During the last decade considerable advances have been made in clinical, epidemiologic, and biologic research of autism. Although there are still no definitive answers, and an effective treatment remains elusive, these advances have provided new and important clues about etiologies and mechanisms of this disorder. The etiologies of autism are all highly likely to be neurobiologic; prenatal and perinatal events provide neither a necessary nor sufficient explanation for autism.

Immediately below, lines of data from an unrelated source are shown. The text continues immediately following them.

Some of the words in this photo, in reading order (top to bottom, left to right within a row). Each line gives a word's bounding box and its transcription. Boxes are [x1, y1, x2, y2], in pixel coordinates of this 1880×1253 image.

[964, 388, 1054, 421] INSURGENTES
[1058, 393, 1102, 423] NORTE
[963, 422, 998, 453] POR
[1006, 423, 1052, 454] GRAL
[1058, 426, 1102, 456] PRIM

Autism is one of the developmental disorders of brain function, not a disease. It is a syndrome defined by a characteristic set of behaviors which include (1) qualitative impairment in reciprocal social interaction, (2) qualitative impairment of verbal and nonverbal communication and imaginative activity, and (3) a markedly restricted repertoire of activities and interests. These tend to cluster together and are associated with a more or less predictable course. As is the case with all clinically defined syndromes such as dyslexia, epilepsy, or congestive heart failure, autism does not have a single etiology. Several etiologies are already known or suspected, and it is unlikely that a single pathophysiologic mechanism will account for all the cases. It is possible, however, that these different pathologies may impinge on a particular brain system of connected regions whose dysfunction is responsible for the common behavioral syndrome that links mildly and severely affected children.

Pediatricians are likely to be the first professionals consulted by parents concerned about their child's developmental achievement. Severely deficient or aberrant developmental lags are unlikely to be overooked, but the significance of more subtle abnormalities in toddlers and preschool children and of the differential diagnosis even in overt disorders of cerebral function is often less certain.